Section 179 Tax Deduction
What is the Section 179 Deduction??
Section 179 does come with limits - there are caps to the total amount written off ($250,000 in 2010), and limits to the total amount of the equipment purchased ($800,000 in 2010.) The deduction begins to phase out dollar for dollar after $800k, so this makes it a true small and medium-sized business deduction.Note> Back in 2009, businesses that exceeded the $250k deduction limit could take a bonus depreciation of 50% on the amount that exceeded the limit. And then also take normal depreciation on the rest. Nice. (”Bonus Depreciation” didn’t make it into the ‘HIRE Act of 2010′ but there’s still hope that it will be retroactively extended in 2010 - check back here often to stay posted on the latest legislative developments.)
The equipment, vehicle(s), and/or software must be used for business purposes more than 50% of the time to qualify for the Section 179 Deduction. Simply multiply the cost of the equipment, vehicle(s), and/or software by the percentage of business-use to arrive at the $amount eligible for Section 179.
All businesses that purchase or finance less than $800,000 in business equipment should qualify for the Section 179 Deduction.
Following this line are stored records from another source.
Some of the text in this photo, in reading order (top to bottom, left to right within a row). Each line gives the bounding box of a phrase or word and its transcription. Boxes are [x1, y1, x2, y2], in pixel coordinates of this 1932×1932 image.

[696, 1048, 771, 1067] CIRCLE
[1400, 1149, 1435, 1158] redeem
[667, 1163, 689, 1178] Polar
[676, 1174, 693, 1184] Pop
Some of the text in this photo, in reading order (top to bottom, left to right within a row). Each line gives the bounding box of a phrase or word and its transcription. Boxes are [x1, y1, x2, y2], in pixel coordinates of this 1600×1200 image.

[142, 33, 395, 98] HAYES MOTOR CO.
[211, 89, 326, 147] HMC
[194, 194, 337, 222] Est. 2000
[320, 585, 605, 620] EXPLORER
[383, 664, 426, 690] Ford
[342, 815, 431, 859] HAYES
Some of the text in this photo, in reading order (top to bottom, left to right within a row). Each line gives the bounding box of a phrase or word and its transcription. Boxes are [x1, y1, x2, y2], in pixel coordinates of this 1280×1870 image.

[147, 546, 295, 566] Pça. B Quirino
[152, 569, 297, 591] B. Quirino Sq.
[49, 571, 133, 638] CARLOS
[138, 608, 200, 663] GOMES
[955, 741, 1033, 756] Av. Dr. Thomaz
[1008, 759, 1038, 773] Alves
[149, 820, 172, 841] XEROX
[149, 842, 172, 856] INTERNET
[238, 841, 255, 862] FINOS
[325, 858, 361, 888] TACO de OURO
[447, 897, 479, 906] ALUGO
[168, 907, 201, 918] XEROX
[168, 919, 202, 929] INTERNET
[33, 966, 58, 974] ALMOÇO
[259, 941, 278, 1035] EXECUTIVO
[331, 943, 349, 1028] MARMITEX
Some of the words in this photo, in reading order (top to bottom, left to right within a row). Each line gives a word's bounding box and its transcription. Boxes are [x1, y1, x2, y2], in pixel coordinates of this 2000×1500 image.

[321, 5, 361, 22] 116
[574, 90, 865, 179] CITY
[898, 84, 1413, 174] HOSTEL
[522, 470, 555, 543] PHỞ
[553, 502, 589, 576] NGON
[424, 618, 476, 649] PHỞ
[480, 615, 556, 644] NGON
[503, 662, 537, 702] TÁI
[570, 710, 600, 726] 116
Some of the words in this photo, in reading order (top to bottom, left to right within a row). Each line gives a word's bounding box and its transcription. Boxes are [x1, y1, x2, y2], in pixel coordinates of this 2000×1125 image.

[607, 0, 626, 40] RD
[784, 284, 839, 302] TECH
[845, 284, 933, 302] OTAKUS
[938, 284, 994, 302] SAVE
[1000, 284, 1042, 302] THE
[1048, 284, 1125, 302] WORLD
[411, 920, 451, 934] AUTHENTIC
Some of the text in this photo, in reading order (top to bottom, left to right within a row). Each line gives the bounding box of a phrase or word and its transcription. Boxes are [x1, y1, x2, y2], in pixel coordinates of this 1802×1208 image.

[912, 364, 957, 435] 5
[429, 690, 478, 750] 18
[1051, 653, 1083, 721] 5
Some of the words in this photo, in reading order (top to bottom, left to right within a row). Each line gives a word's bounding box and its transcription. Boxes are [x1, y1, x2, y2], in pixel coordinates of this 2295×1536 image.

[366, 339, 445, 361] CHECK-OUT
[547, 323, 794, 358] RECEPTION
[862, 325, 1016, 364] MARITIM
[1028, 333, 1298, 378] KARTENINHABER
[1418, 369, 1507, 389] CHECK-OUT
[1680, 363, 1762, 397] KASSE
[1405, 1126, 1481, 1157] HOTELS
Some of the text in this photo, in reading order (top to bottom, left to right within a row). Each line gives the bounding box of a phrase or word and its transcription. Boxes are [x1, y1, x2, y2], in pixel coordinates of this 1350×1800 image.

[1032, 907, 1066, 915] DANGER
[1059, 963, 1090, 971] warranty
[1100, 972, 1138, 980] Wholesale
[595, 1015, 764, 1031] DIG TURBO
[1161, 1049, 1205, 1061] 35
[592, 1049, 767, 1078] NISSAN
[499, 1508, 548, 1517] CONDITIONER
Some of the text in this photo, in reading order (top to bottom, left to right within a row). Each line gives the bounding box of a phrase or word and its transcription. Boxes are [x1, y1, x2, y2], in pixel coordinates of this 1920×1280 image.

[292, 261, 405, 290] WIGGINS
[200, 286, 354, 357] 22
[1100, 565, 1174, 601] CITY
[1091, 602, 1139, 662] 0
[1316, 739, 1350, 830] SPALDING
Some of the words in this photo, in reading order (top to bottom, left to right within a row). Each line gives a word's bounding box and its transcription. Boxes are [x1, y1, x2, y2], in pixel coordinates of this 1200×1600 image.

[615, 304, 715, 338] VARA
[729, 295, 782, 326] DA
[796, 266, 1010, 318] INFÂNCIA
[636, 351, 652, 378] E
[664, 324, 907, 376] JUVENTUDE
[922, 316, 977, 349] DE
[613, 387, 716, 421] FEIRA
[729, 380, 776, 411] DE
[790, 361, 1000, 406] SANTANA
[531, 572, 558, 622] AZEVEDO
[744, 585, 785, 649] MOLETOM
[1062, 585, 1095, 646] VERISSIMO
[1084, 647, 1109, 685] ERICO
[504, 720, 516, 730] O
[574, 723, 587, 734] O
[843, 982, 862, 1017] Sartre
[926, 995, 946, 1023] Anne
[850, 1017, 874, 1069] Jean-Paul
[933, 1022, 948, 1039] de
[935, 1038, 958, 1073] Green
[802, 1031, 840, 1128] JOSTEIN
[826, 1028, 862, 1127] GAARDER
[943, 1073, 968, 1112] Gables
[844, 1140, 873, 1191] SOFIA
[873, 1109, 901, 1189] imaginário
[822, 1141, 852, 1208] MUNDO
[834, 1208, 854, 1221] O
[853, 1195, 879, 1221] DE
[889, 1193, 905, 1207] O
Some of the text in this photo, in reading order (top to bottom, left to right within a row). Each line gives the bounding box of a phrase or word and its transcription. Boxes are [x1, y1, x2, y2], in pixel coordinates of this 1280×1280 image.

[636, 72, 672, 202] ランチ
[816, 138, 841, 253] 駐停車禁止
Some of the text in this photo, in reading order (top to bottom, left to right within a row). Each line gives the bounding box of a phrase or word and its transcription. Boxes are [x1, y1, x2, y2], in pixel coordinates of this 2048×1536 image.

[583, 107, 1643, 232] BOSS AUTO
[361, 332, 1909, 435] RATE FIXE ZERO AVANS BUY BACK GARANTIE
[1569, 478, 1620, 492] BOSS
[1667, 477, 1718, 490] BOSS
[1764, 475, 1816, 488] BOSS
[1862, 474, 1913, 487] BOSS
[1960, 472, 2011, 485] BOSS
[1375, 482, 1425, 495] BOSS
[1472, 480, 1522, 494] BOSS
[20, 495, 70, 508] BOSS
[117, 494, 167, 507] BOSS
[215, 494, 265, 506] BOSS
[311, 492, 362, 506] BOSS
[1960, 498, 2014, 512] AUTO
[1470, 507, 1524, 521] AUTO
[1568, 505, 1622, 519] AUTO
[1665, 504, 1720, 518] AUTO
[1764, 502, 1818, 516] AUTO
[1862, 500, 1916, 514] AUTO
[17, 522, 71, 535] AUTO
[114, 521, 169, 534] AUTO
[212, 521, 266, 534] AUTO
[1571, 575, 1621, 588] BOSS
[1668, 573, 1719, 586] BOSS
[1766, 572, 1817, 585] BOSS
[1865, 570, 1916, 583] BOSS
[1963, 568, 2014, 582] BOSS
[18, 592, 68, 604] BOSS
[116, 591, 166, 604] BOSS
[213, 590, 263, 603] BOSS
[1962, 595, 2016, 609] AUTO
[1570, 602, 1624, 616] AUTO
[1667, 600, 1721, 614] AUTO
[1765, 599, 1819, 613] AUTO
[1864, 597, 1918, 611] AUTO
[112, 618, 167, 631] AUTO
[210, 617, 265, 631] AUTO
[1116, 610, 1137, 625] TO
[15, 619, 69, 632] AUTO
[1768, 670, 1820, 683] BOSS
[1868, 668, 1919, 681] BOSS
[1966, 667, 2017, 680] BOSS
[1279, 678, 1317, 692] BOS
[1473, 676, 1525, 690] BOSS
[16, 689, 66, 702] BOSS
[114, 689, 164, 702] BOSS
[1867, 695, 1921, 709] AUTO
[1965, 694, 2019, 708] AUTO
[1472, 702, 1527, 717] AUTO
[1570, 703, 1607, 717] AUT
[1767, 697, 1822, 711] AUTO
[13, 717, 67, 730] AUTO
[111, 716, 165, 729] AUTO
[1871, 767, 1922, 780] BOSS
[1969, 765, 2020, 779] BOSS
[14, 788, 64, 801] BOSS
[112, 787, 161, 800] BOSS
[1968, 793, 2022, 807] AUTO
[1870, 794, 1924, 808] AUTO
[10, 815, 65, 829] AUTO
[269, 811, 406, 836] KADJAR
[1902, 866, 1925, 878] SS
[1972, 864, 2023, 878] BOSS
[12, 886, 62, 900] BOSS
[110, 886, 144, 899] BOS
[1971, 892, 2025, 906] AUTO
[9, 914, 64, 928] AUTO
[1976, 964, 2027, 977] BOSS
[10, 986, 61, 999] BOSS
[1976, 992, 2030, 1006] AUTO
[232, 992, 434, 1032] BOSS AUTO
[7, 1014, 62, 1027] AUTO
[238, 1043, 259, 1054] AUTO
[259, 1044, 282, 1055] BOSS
In addition, most tangible goods qualify for the Section 179 Deduction such as:
- Equipment (machines, etc) purchased for business use
- Tangible personal property used in business
- Business Vehicles with a gross vehicle weight in excess of 6,000 lbs
- Computers
- Computer Software (off the shelf)
- Office Furniture
- Office Equipment
- Property attached to your building that is not a structural component of the building (i.e.: a printing press, large manufacturing tools and equipment)
- Partial Business Use (equipment that is purchased for business use and personal use - generally, your deduction will be based on the percentage of time you use the equipment for business purposes.)
Also, to qualify for the Section 179 Deduction, the equipment purchased must be placed into service between January 1, 2010 and December 31, 2010.The deduction begins to phase out if more than $800,000 of equipment is purchased - in fact, the deduction decreases on a dollar for dollar scale after that, making Section 179 a deduction specifically for small and medium-sized businesses.